[MATERIAL TO PROCESS Boundary: Start]

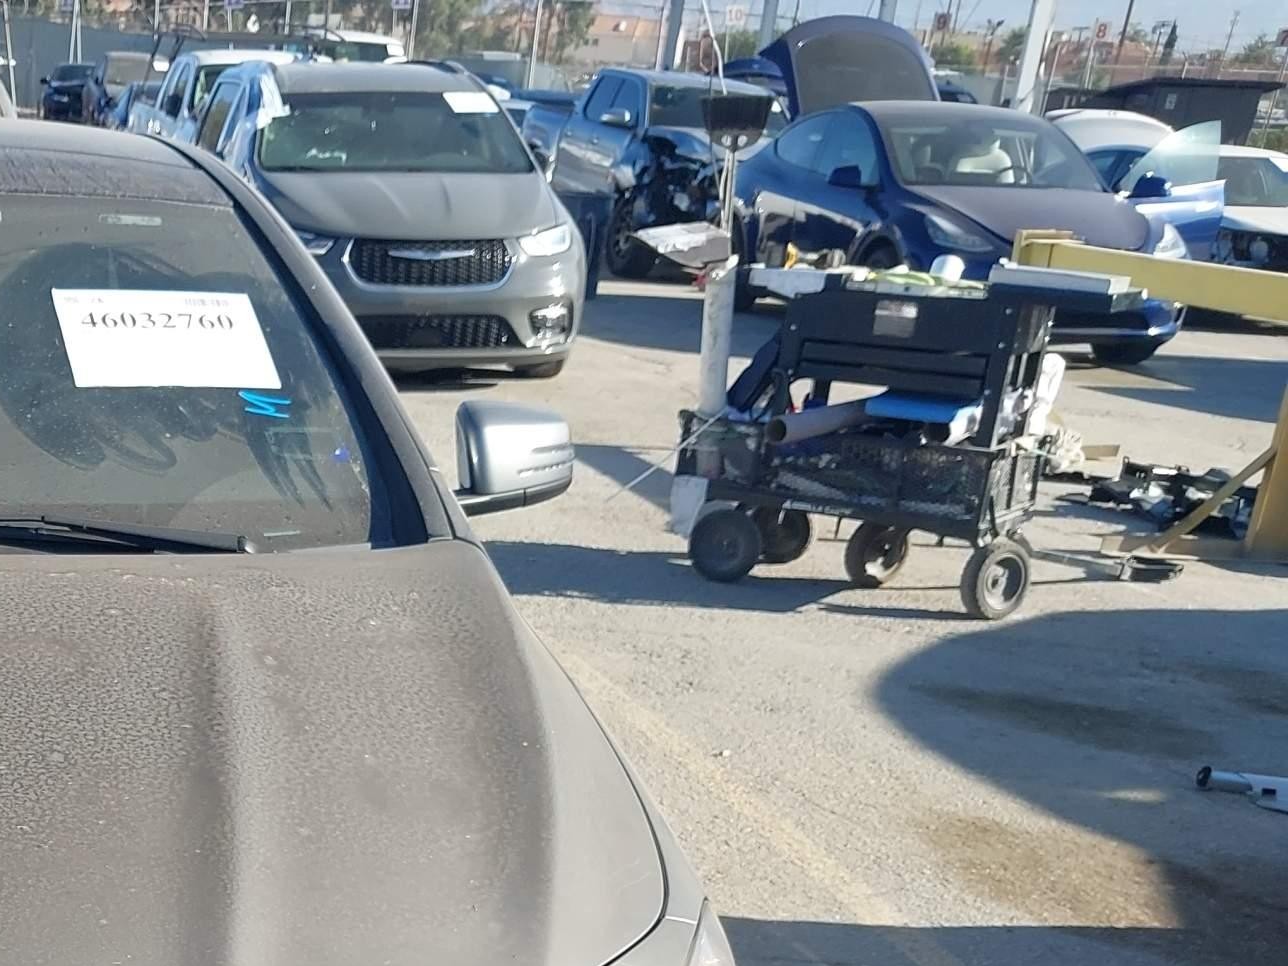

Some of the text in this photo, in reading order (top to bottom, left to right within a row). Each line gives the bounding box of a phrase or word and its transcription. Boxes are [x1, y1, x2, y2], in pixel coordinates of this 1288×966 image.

[728, 9, 743, 21] 10
[937, 13, 947, 30] 9
[1096, 23, 1108, 39] 8
[80, 311, 234, 330] 46032760
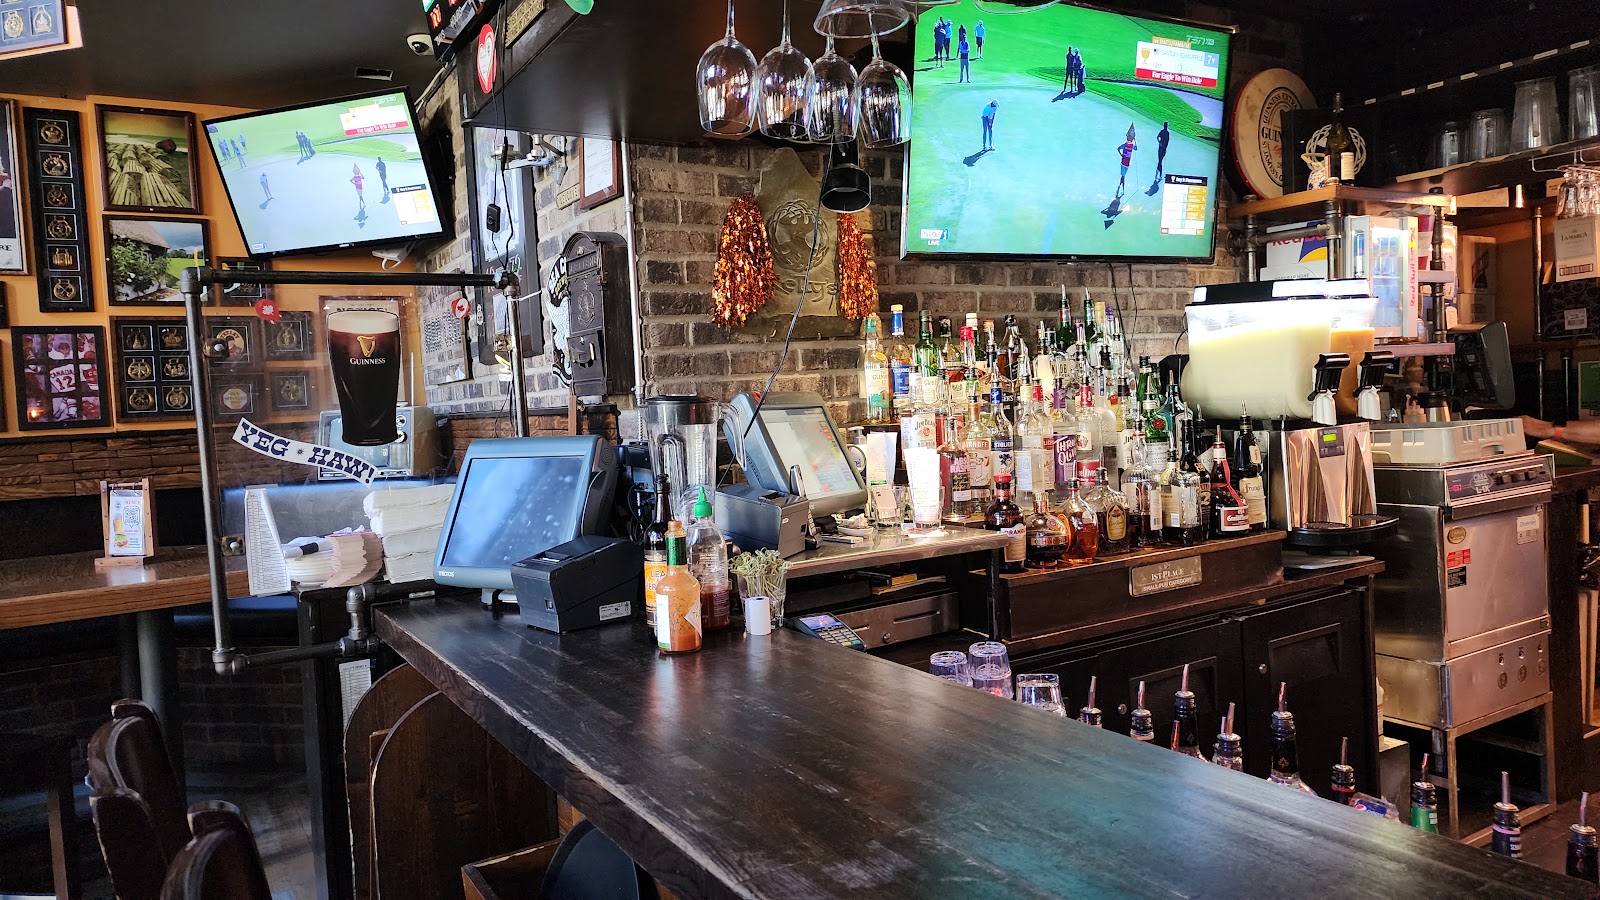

[MATERIAL TO PROCESS Boundary: End]

_YOUR OBJECTIVE_:
The output must be every line of the records, printed exactly, with the pictures omitted.

_WRITTEN RESPONSE_:
Some of the text in this photo, in reading order (top to bottom, left to right within a row). Each line gives the bounding box of a phrase or word and its transcription. Boxes are [x1, y1, x2, y2], in pixel coordinates of this 1288×966 image.

[728, 9, 743, 21] 10
[937, 13, 947, 30] 9
[1096, 23, 1108, 39] 8
[80, 311, 234, 330] 46032760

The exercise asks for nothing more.